At the end of last year, we developed a “Crystal Ball” prediction series about predictive analytics in HR, and how this approach will impact you, your organization and the HR field in the future. Our first prediction came true in February (see here). We’re happy to report yet another has been validated; the full prediction follows.

An article was written by Lisa Milam-Perez, J.D., in SHRM titled “The Promise and Peril of Big Data,” and it confirms our fear that bad analytics can lead to bad business.

“If HR professionals and hiring managers were to ignore these possibilities and take the data at face value, they would risk making unwise hiring decisions based on erroneous—and biased—assumptions,” states Milam-Perez. See our “Manager Mayhem” section below.

“Among the most pressing concerns inherent in relying on big data is that improperly used HR analytics can result in employment discrimination,” said Milam-Perez. See our “Affirmative Action Wins” paragraph below.
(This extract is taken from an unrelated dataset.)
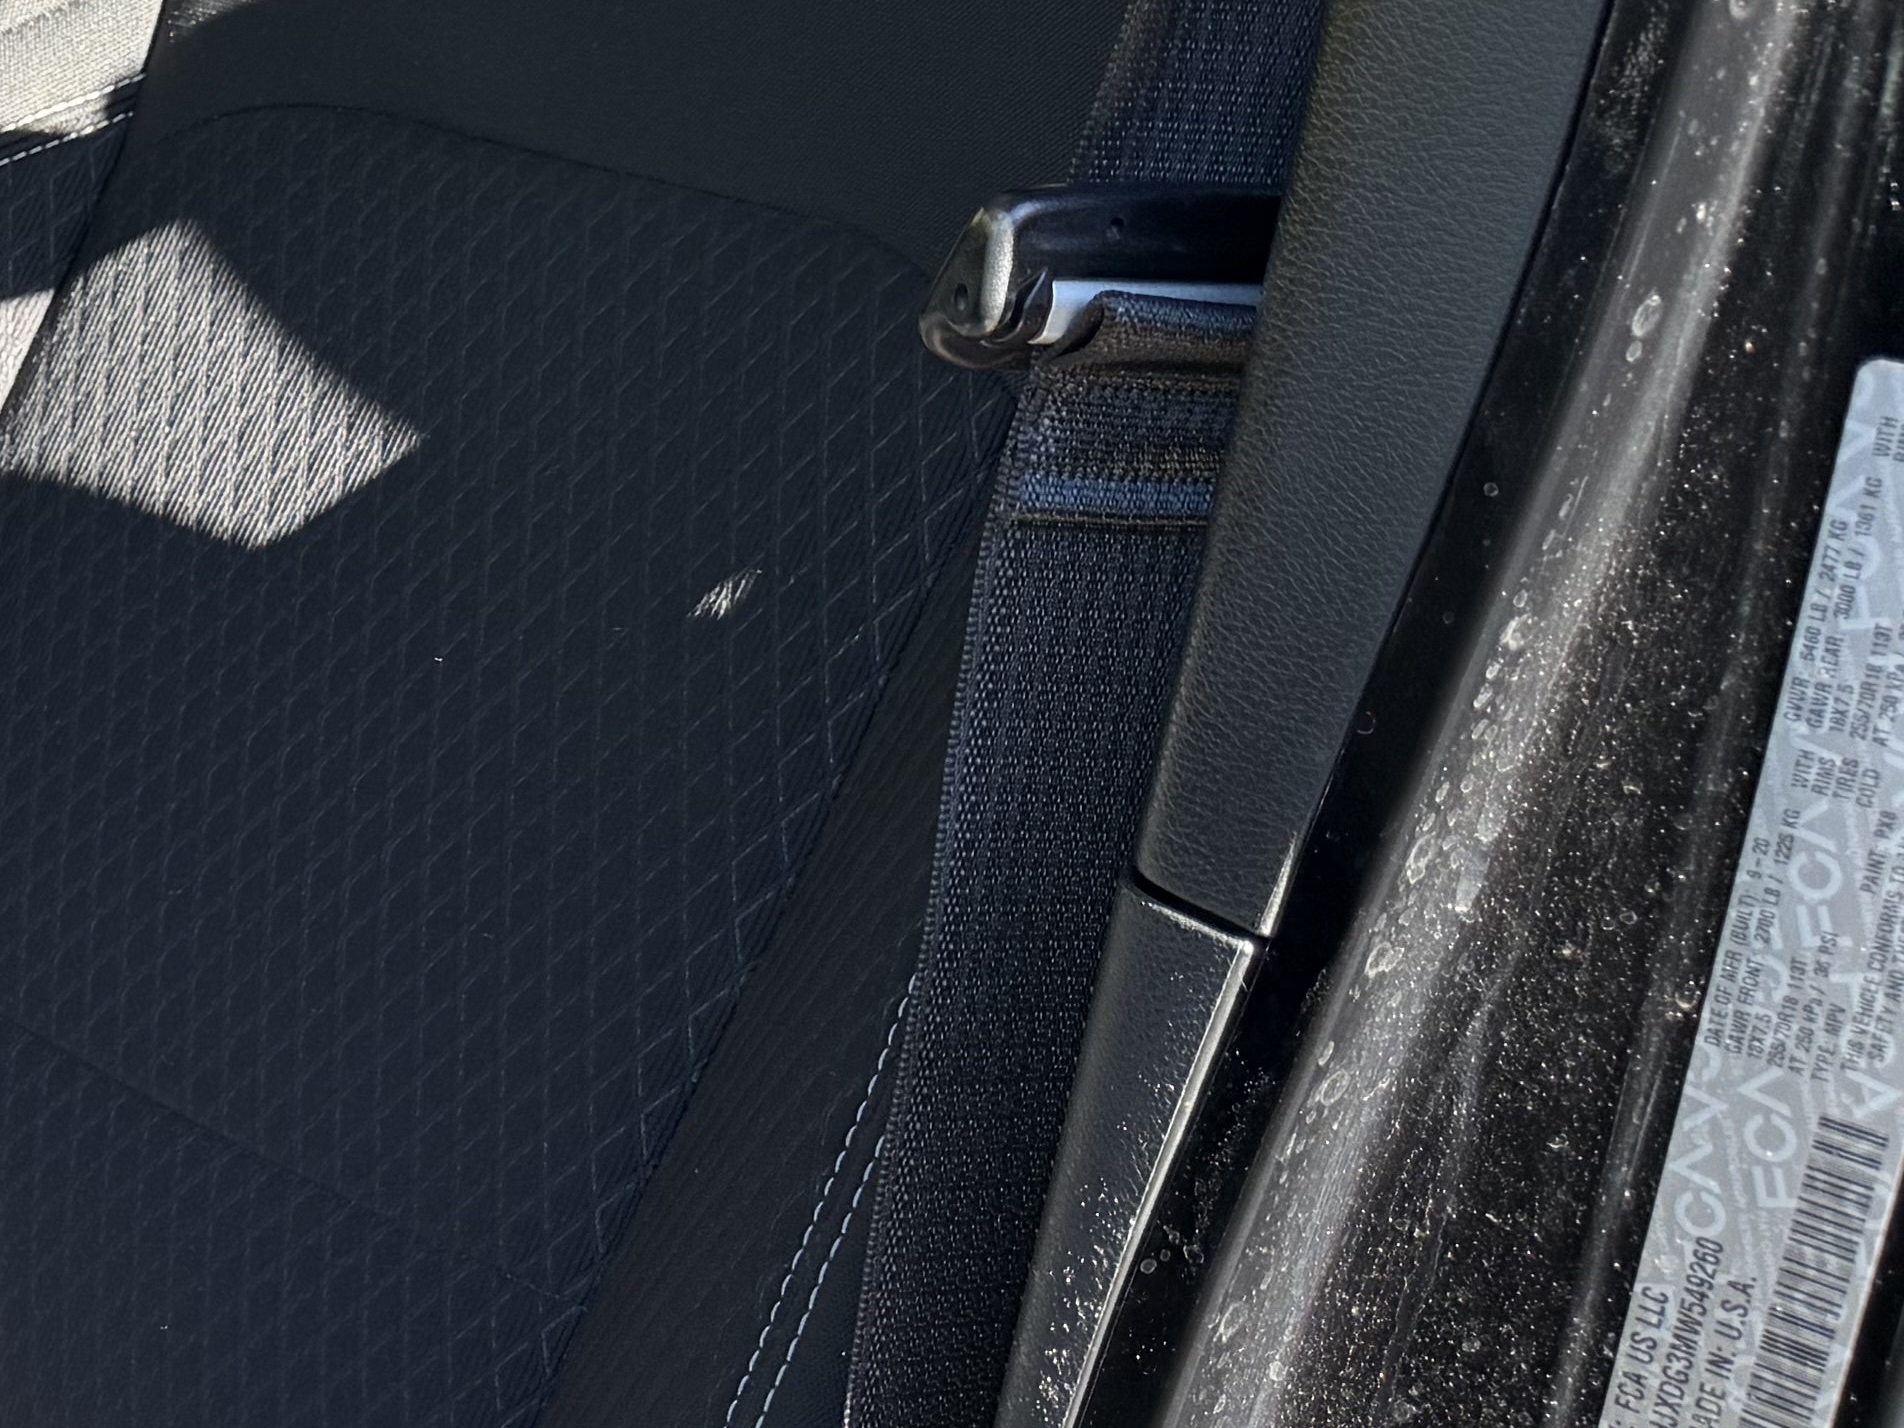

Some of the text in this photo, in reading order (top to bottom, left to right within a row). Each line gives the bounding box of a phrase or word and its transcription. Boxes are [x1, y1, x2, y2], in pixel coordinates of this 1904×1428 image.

And lastly, Milam-Perez comments, “Because a poorly conceived algorithm can produce discriminatory outcomes, it’s important to make sure you validate all algorithms before acting on them. Consider whether data inputs fairly correspond to desired traits or whether the use of certain data sets skews the analysis.” See our “Buyer Beware” thoughts below. Keep in mind, we do encourage leveraging analytics in HR; you can add significant value to your organization when applied correctly. The key: you must be thoughtful in how you approach it.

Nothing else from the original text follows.